6. The preparation method of the epoxy resin organosilicon composite pouring sealant as claimed in claim 5, wherein the mass ratio of the octamethylcyclotetrasiloxane (D4), the N-beta- (aminoethyl) -gamma-aminopropylmethyldimethoxysilane, the tetramethylammonium hydroxide solution and the hexamethyldisiloxane is 200: 4-10: 15-20: 2 to 3.

7. The preparation method of the epoxy resin organosilicon composite pouring sealant according to claim 1, wherein the epoxy resin is selected from any one or more of bisphenol A type epoxy resin and o-cresol formaldehyde epoxy resin.
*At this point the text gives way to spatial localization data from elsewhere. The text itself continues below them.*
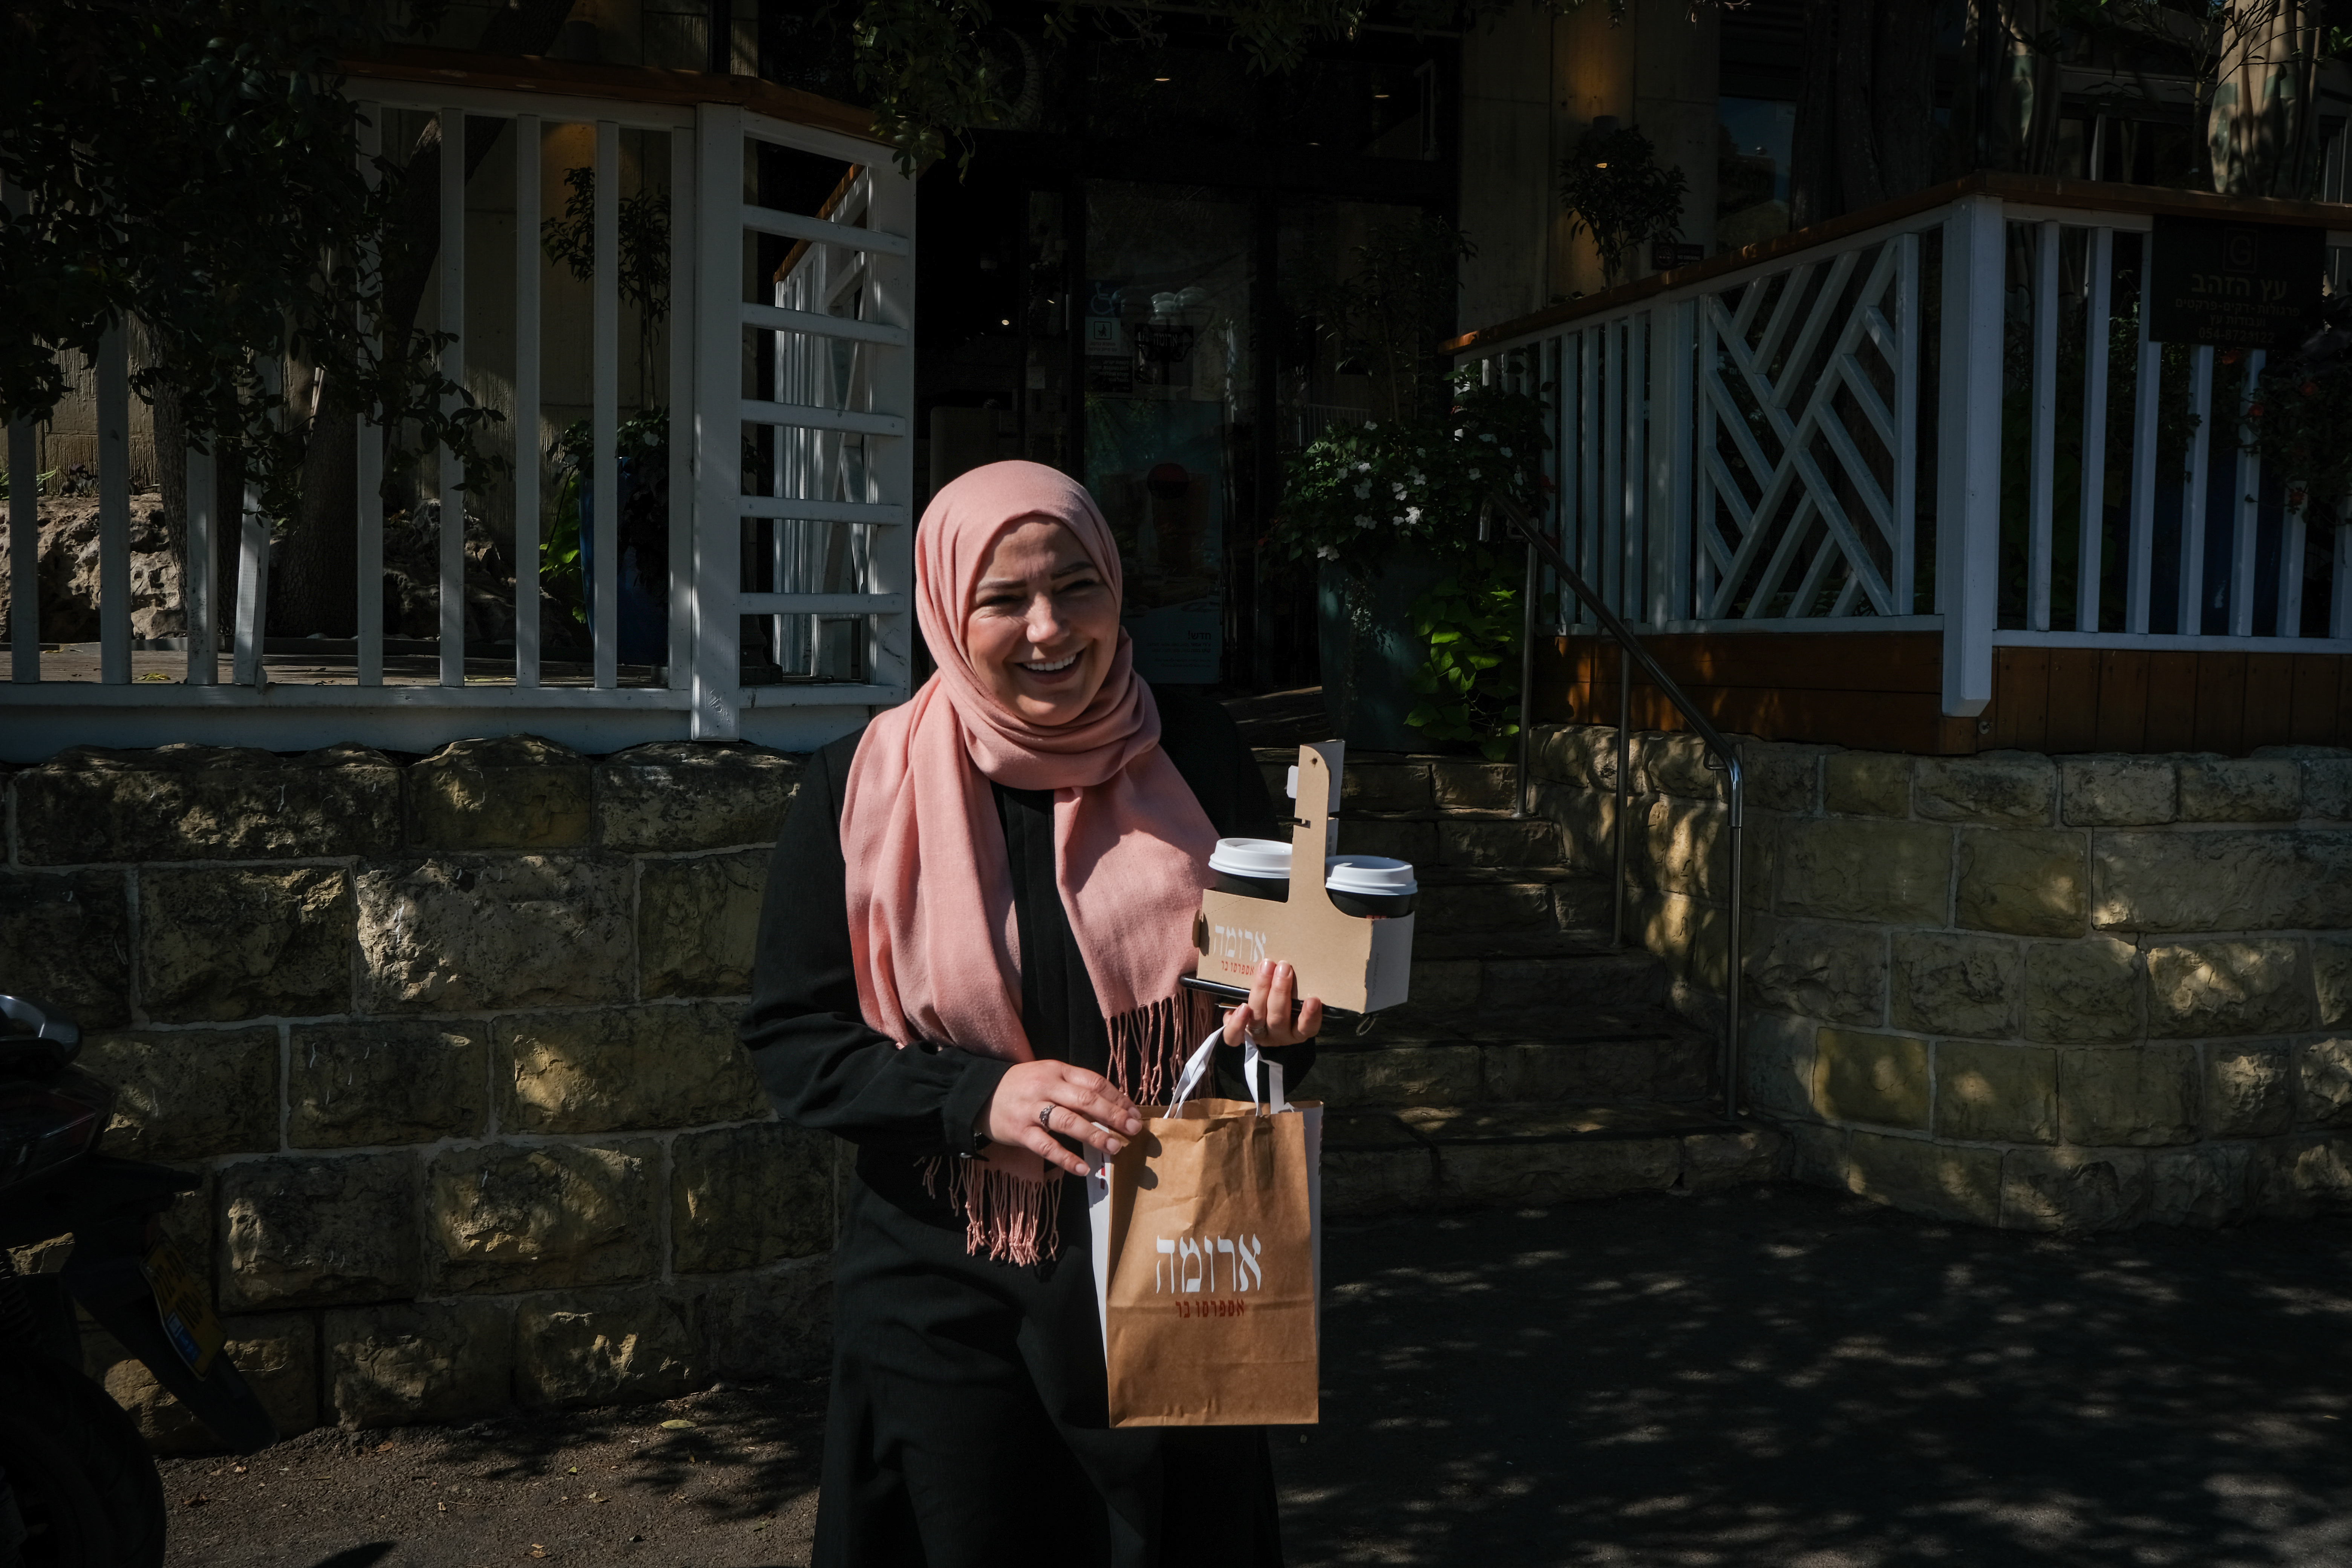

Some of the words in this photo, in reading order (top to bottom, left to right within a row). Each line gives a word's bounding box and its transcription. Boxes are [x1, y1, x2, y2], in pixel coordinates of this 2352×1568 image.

[2229, 235, 2251, 266] G
[2191, 273, 2251, 297] הזהב
[2259, 278, 2287, 302] עץ
[2210, 314, 2222, 326] עץ
[2226, 314, 2266, 327] ועבודות
[1153, 332, 1178, 347] ארומה
[1188, 630, 1211, 640] חדש!
[1213, 923, 1266, 963] ארומה
[1221, 960, 1228, 971] בר
[1231, 962, 1254, 976] אספרסו
[1156, 1233, 1261, 1294] ארומה
[176, 1291, 203, 1329] 103
[1176, 1300, 1190, 1318] בר
[1196, 1298, 1245, 1317] אספרסו
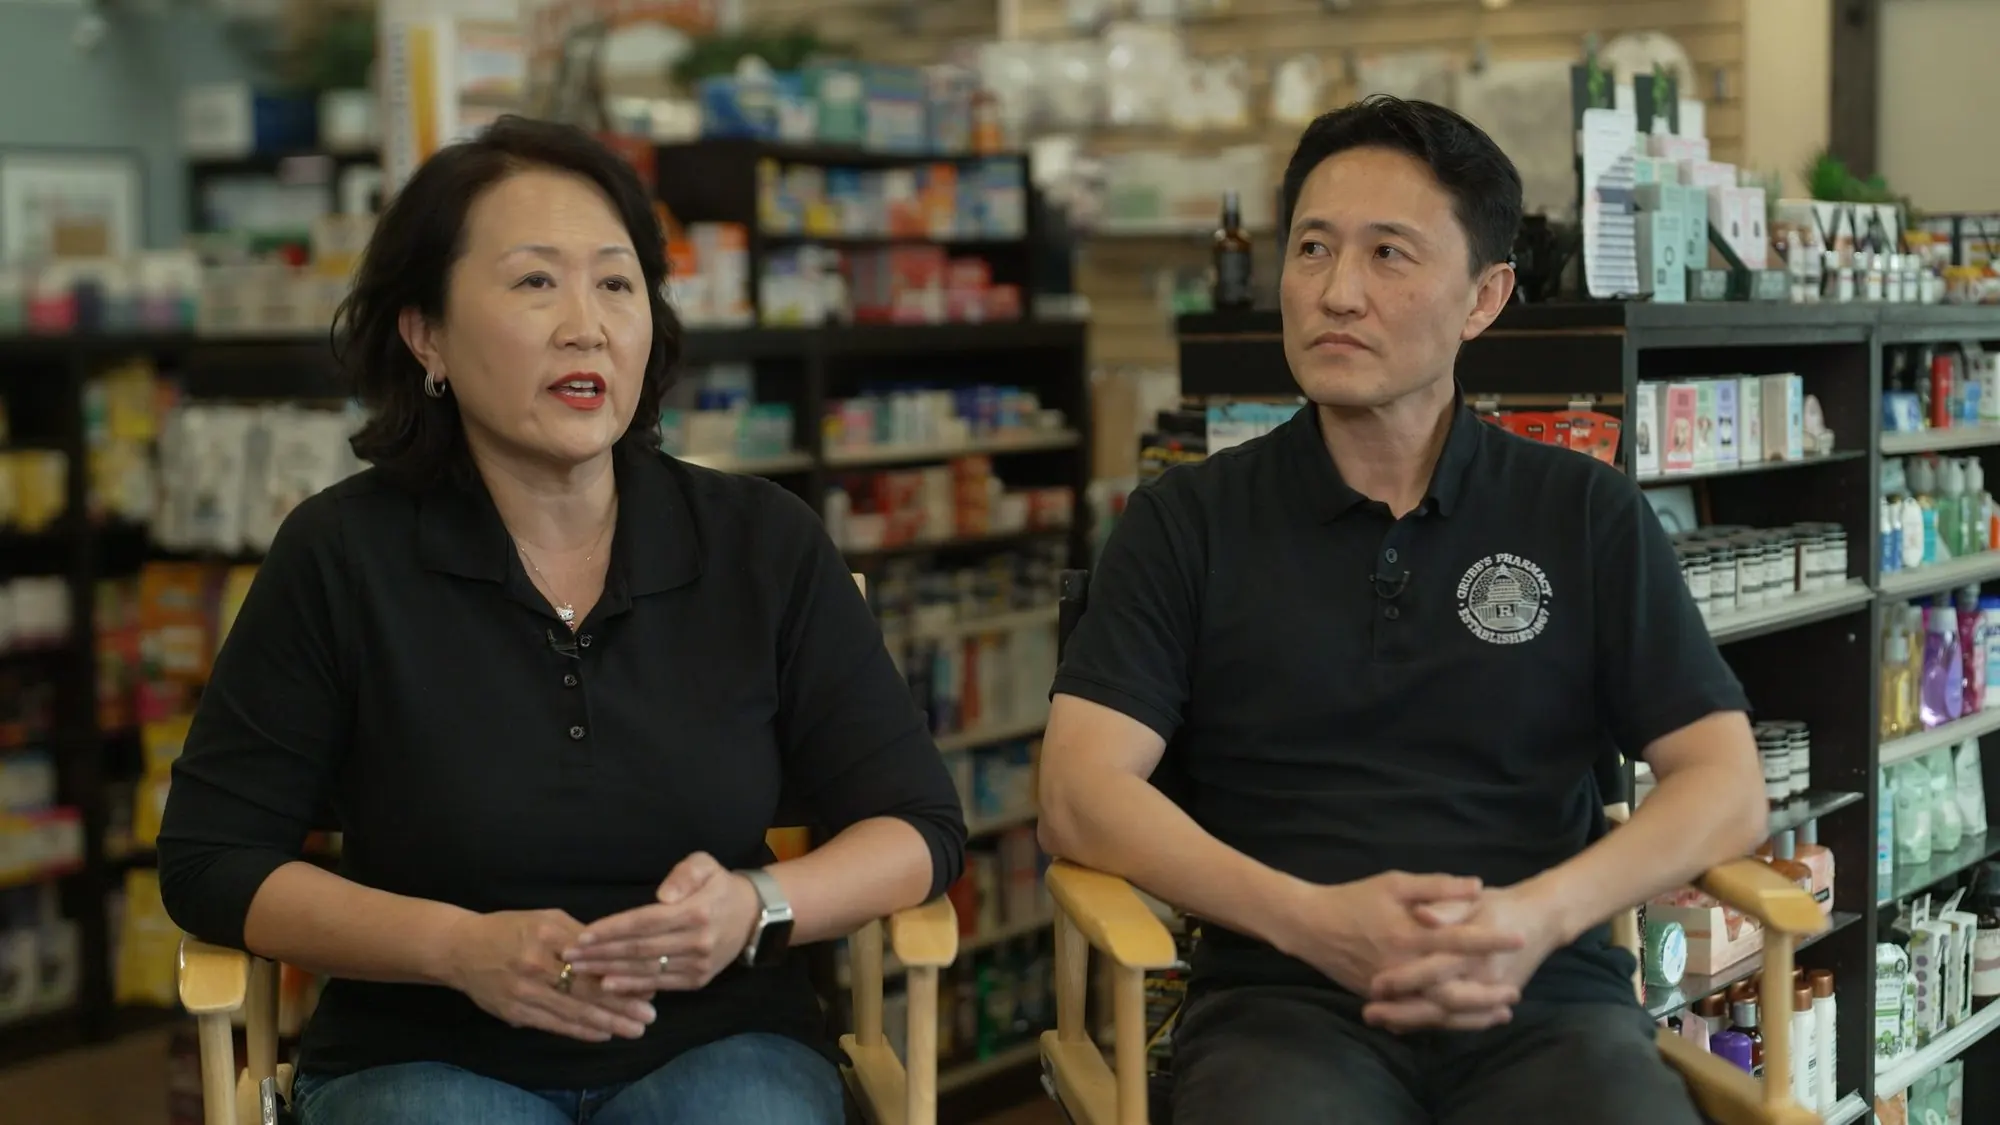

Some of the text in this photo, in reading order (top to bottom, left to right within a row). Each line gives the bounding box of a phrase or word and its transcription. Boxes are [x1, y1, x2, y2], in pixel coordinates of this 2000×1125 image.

[1457, 553, 1553, 599] GRUBB'S PHARMACY
[1458, 607, 1535, 644] ESTABLISHED
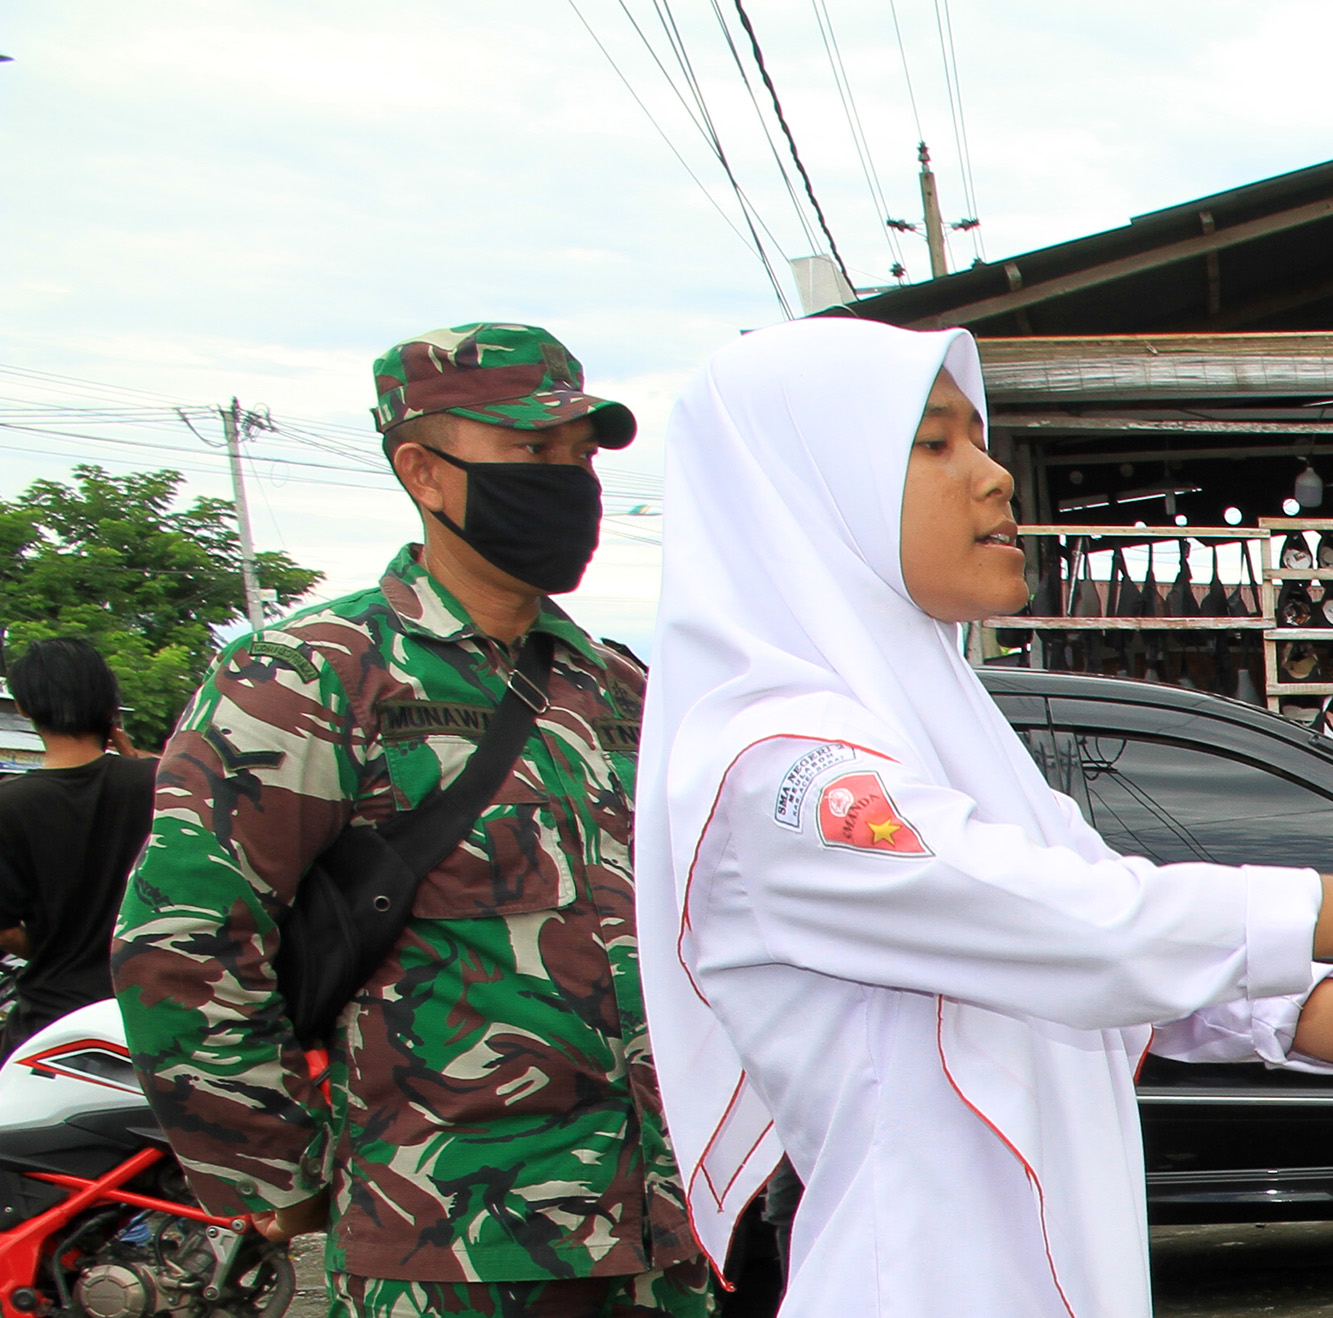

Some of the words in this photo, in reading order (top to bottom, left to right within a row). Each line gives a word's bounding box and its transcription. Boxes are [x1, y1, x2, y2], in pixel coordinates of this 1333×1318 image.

8. The preparation method of the epoxy resin organosilicon composite pouring sealant according to claim 1, wherein the epoxy siloxane coupling agent is 3- (2, 3-epoxypropoxy) propyltrimethoxysilane; the amino silane coupling agent is selected from one or more of gamma-aminopropyl triethoxysilane, gamma-aminopropyl trimethoxysilane, N-beta (aminoethyl) -gamma-aminopropyl triethoxysilane, phenylaminomethyl trimethoxysilane and polyaminoalkyl trialkoxy silane.

9. The use method of the epoxy resin organic silicon composite pouring sealant prepared by the preparation method of any one of claims 1 to 8 is characterized by comprising the following steps: taking the component A and the component B according to the weight part of the designed epoxy resin organic silicon composite pouring sealant component, mixing and stirring the components uniformly, then stirring at 70-80 ℃, continuously stirring for 60-80 minutes after the mixture is dissolved into a liquid state, then coating the mixture on the surface of an object to be poured, standing at room temperature for 3-5 hours for pre-curing, then placing in a vacuum drying oven, keeping the temperature at 120-150 ℃, and fully curing at constant temperature for 4-6 hours.